The answer to all of your questions is "yes". This storm has exposed to things:

1. It has put racism, class division, and poverty in this country in stark relief.

2. It has shown that our military is completely overstretched and tied up in Iraq. Security and emergency relief infrastructure simply could not get to New Orleans because they were already in Baghdad!!!

If you don't think we're racists in America, just look at Rwanda and Iraq and then ask yourself how/why we formulated our policies regarding those countries.

I read a very good point recently- Spend our energy helping when we can help. Then when the crisis is over, we can criticize. As any person under a deadline knows, criticism in tense conditions can be more harm than help.

Even if you can't directly help the people who need evacuation, those who have evacuated also need assistance. Many have fled far and wide in search of a place to stay. Those who are feeling the need to do something but are restricted to local efforts may want to consider offering up housing, a washing machine, a shoulder and cup of coffee. Does anyone know if they're accepting aid in terms of goods in Baton Rogue? I bet the people there need a lot, too, with all those who escaped there and the refugees still being evacuated there.
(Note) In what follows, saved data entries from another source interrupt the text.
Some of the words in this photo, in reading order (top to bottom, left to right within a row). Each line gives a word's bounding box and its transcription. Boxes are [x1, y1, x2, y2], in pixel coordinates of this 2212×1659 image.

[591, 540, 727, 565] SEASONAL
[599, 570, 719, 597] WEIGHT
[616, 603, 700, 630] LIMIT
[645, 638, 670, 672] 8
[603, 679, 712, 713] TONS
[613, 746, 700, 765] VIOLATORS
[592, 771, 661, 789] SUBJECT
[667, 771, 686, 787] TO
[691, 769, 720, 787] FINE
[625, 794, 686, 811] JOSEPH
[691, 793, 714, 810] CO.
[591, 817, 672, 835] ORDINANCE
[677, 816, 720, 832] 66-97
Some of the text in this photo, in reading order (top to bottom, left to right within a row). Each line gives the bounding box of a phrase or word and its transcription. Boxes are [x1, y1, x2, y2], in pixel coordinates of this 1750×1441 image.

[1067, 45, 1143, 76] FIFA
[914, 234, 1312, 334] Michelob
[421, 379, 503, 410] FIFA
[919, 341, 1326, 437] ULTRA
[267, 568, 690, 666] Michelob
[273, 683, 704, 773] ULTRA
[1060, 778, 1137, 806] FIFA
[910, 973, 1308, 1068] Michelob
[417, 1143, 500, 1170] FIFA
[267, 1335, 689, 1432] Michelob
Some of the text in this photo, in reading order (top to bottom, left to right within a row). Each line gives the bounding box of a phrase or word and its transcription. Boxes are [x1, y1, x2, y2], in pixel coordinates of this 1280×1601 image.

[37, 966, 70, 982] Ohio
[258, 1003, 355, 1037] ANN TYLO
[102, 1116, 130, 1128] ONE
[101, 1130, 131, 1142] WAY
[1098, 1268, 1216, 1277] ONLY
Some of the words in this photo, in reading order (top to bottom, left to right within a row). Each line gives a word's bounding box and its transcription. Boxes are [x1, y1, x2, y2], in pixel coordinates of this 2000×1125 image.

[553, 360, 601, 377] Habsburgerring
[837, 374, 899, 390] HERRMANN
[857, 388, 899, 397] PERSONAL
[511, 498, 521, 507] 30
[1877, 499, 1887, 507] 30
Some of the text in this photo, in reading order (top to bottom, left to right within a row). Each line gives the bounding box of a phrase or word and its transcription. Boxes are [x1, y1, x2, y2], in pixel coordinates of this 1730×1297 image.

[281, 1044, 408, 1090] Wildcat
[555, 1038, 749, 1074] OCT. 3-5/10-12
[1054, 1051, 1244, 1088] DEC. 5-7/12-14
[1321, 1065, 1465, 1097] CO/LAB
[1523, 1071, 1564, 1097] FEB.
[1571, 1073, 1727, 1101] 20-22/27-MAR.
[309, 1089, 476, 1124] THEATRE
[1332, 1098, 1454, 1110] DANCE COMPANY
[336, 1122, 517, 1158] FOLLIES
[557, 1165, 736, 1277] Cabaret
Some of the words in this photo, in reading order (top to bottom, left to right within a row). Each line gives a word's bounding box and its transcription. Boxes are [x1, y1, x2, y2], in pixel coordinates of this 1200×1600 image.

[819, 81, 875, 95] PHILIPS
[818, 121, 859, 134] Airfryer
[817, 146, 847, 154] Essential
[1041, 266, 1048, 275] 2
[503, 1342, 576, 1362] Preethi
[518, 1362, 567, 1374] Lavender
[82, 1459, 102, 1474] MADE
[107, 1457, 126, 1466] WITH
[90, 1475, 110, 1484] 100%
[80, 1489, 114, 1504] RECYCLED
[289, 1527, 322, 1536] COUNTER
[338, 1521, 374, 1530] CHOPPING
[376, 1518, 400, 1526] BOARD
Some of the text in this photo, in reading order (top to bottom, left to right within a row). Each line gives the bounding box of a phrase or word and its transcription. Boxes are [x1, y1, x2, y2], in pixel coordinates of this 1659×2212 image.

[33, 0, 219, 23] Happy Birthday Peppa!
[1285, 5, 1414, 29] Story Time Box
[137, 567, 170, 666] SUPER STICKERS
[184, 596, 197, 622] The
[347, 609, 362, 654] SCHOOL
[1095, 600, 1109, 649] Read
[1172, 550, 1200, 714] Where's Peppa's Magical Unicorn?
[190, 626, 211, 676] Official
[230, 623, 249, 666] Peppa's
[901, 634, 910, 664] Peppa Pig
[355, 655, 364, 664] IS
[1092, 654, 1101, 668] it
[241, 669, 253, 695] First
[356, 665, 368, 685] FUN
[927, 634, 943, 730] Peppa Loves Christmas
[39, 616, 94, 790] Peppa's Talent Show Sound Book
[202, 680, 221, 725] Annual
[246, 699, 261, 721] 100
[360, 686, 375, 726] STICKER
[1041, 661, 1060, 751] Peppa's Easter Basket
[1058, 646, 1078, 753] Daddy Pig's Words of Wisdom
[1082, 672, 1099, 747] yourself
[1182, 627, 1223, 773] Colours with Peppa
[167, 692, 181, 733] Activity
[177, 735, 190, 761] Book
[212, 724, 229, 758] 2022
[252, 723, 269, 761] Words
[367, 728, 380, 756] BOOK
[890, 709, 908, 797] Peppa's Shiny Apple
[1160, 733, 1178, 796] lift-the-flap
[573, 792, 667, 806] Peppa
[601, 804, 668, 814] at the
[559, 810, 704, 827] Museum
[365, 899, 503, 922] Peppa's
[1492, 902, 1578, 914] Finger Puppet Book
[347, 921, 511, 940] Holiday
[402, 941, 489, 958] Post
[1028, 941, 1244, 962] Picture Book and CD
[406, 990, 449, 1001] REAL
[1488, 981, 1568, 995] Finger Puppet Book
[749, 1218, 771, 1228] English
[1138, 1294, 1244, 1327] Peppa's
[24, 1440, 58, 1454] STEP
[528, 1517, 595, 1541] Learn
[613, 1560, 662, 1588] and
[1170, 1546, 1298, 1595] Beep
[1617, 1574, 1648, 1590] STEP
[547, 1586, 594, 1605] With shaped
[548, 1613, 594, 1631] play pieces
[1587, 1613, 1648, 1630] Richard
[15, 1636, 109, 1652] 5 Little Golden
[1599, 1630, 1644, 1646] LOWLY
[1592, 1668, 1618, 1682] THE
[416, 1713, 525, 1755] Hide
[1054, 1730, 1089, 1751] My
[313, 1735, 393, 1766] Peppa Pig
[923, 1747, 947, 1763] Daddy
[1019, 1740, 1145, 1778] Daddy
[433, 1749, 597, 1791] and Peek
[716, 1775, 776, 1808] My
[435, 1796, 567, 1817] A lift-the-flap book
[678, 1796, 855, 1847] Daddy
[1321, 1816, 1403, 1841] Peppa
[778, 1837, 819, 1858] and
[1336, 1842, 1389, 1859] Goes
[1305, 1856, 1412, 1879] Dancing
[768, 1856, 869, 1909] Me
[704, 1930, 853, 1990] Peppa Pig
I heard on the radio that these people need a postal address, a few phone calls, Internet connections, and most of all, a job. As pointed out, these people don't have much money and no way of earning money to pay rent, feed their families, contact family to let them know they're alive, and provide for other basic necessities. They're suddenly unemployed and homeless, if alive. Sounds terrifying to me.

I think it is very natural to wonder if the government is really doing everything possible. We're all upset just like you. We want to help. We want the government to help. Time doesn't move backwards, though, so (IMO) now is not time for an inquiry. This is the time to encourage people (and governments) to do more and focus, expending our energy on where it will do the most good.

I came to this blog to see the reaction to Katrina, because Japan (and Valley money) has a reputation for Dixie-flavored racism. What I found was only surprising in the accuracy of the assumption. Guilt? Try outrage.

@ freecia (15)

Good stuff you wrote there. Beautifully said. But I think it's good to keep up the momentum of the criticism.

It's calling into question many many things that the press has ignored for the duration of the Bush administration thus far. And without the loud criticism we've already had, those people would probably still be stranded out there after a week without drinking water, food, and medicine!!!

BoingBoing should be yellow for the type of 'journalism' it indulges in.

Per your second update: the Somalia note should be a clue -- he's just using military terms, probably to help establish in the soldiers minds what they're facing.

If these guardsmen see those with the guns as 'people of New Orleans who just happen to be shooting people', they're going to hesitate. Describe them as the 'insurgency', there is no doubt how the soldiers are supposed to react.

As for the expendable -- Joi, if you want to accuse the government of incompetency, fine. But next time you hint that they want these poor blacks to die because they're expendable, I am going to rake your butt over coals in my weblog and you won't know what hit you.

Sorry for being angry, but Joi, we don't need this kind of crap now. You're not a back woods ignorant jerk who doesn't know what's what.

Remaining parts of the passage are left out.